En 2005, les légumes entrent subitement dans la liste, sans crier gare. C’est le résultat de l’alignement de la Suisse sur la réglementation européenne dans le cadre des Accords de libre-échange. En réalité, le catalogue suisse ne contient aucune espèce de légumes. Ces derniers sont en effet tous inscrits dans le répertoire équivalent européen. Mais comme il existe une reconnaissance mutuelle automatique des catalogues, il n’a même pas semblé nécessaire d’effectuer un «copier-coller» de l’un à l’autre.
En 2010, les autorités ont ouvert une sorte de soupape en autorisant la vente et l’utilisation des variétés dites de niche sans que celles-ci soient nécessairement inscrites au catalogue. Il s’agit de variétés anciennes et rares, souvent mieux adaptées aux conditions locales d’une région. Dans le cas présent, toutefois, ce n’est pas la circulation mais la culture qui est réglementée, puisque la production d’une de ces variétés de niche ne peut dépasser 0,1% (en surface ou en quantité, selon les cas) de celle de toute l’espèce à laquelle elle appartient.
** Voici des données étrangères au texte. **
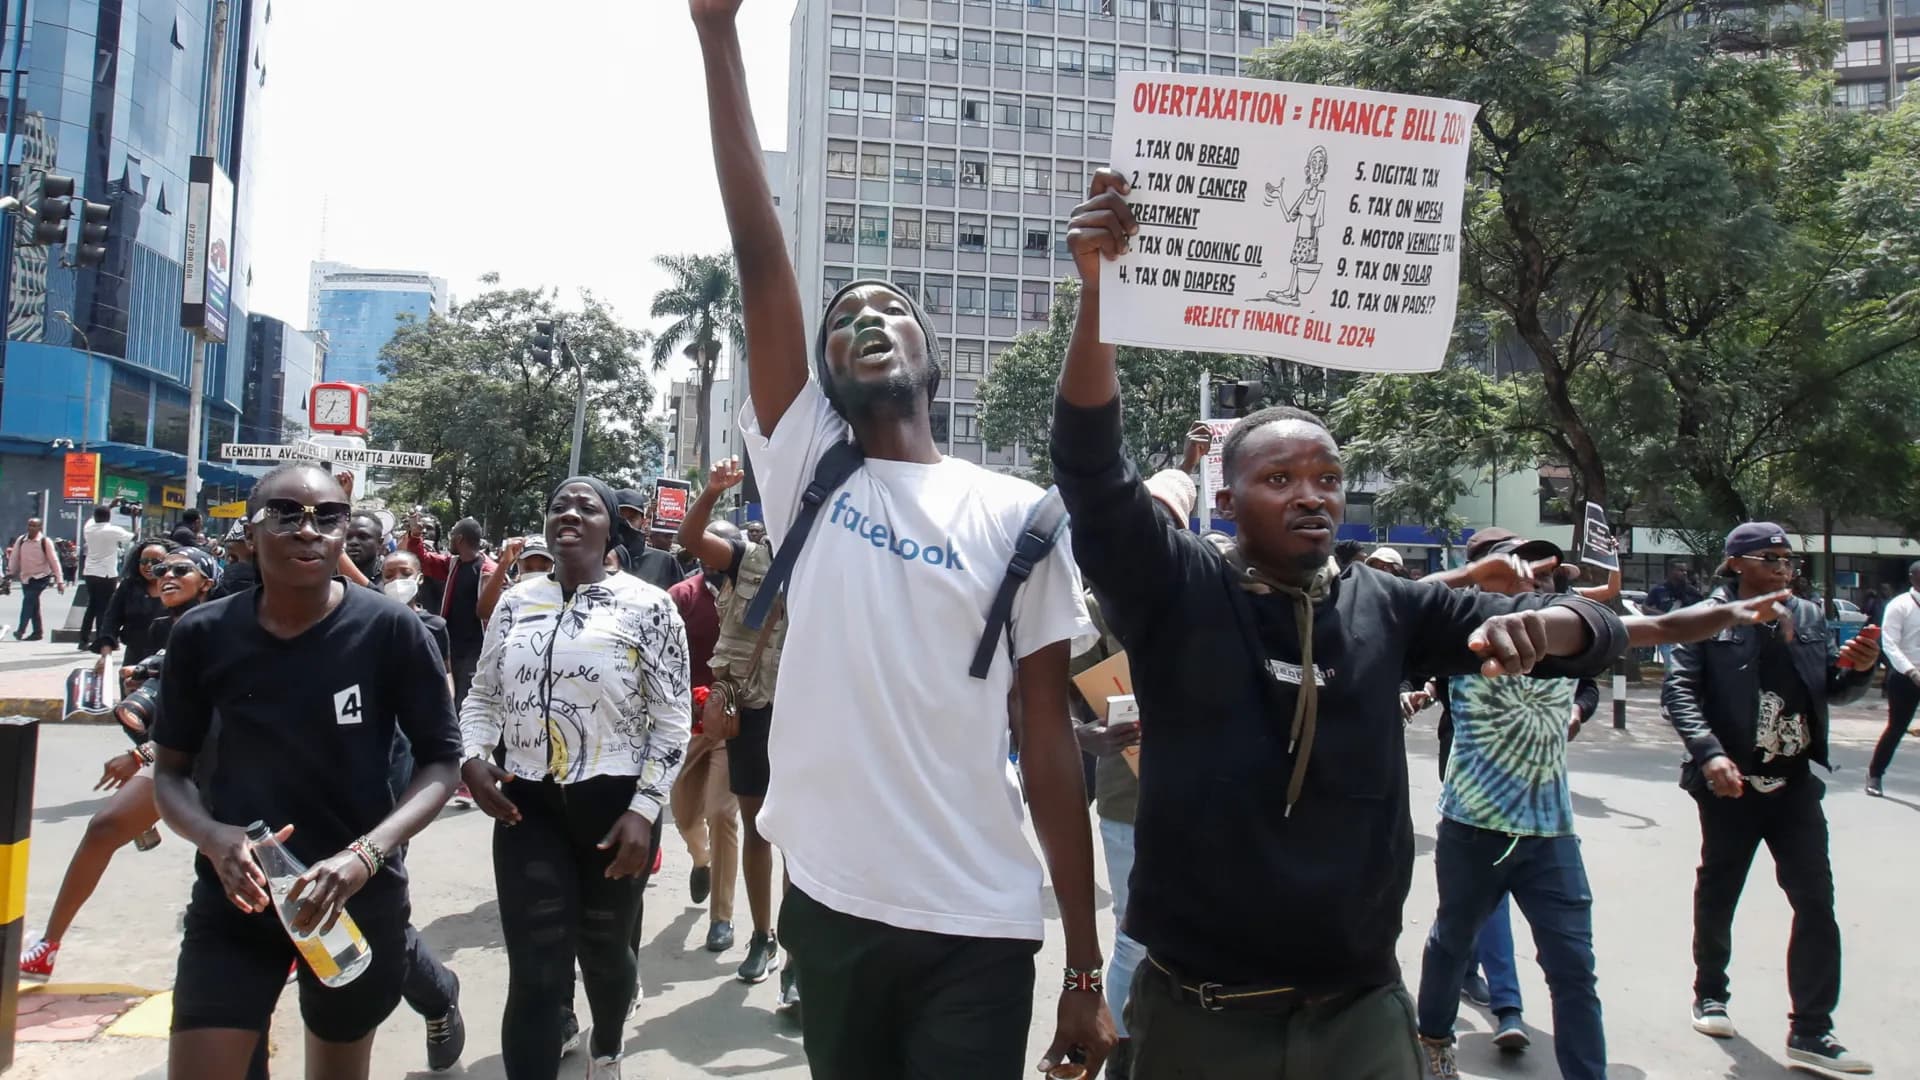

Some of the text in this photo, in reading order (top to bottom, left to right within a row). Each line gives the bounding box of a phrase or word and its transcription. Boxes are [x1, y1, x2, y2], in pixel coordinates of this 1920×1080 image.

« Philosophiquement, nous aurions préféré que cette limite n’existe pas, estime Denise Gautier, porte-parole de ProSpecieRara, une association qui milite pour la préservation en Suisse de la diversité génétique et historico-culturelle des plantes cultivées et des animaux de rente. Mais dans les faits, elle ne nous pose pas de problèmes puisque aucune des variétés de niche ne l’atteint, même de loin. Nous sommes surtout très contents d’avoir pu bénéficier d’une exception qui a été obtenue grâce à un travail de concertation avec l’Office fédéral de l’agriculture. Une exception qui n’existe pas dans la réglementation de l’Union européenne.»
Cet article est paru dans le journal Le Courrier, dont nous avons obtenu la permission de le republier ici.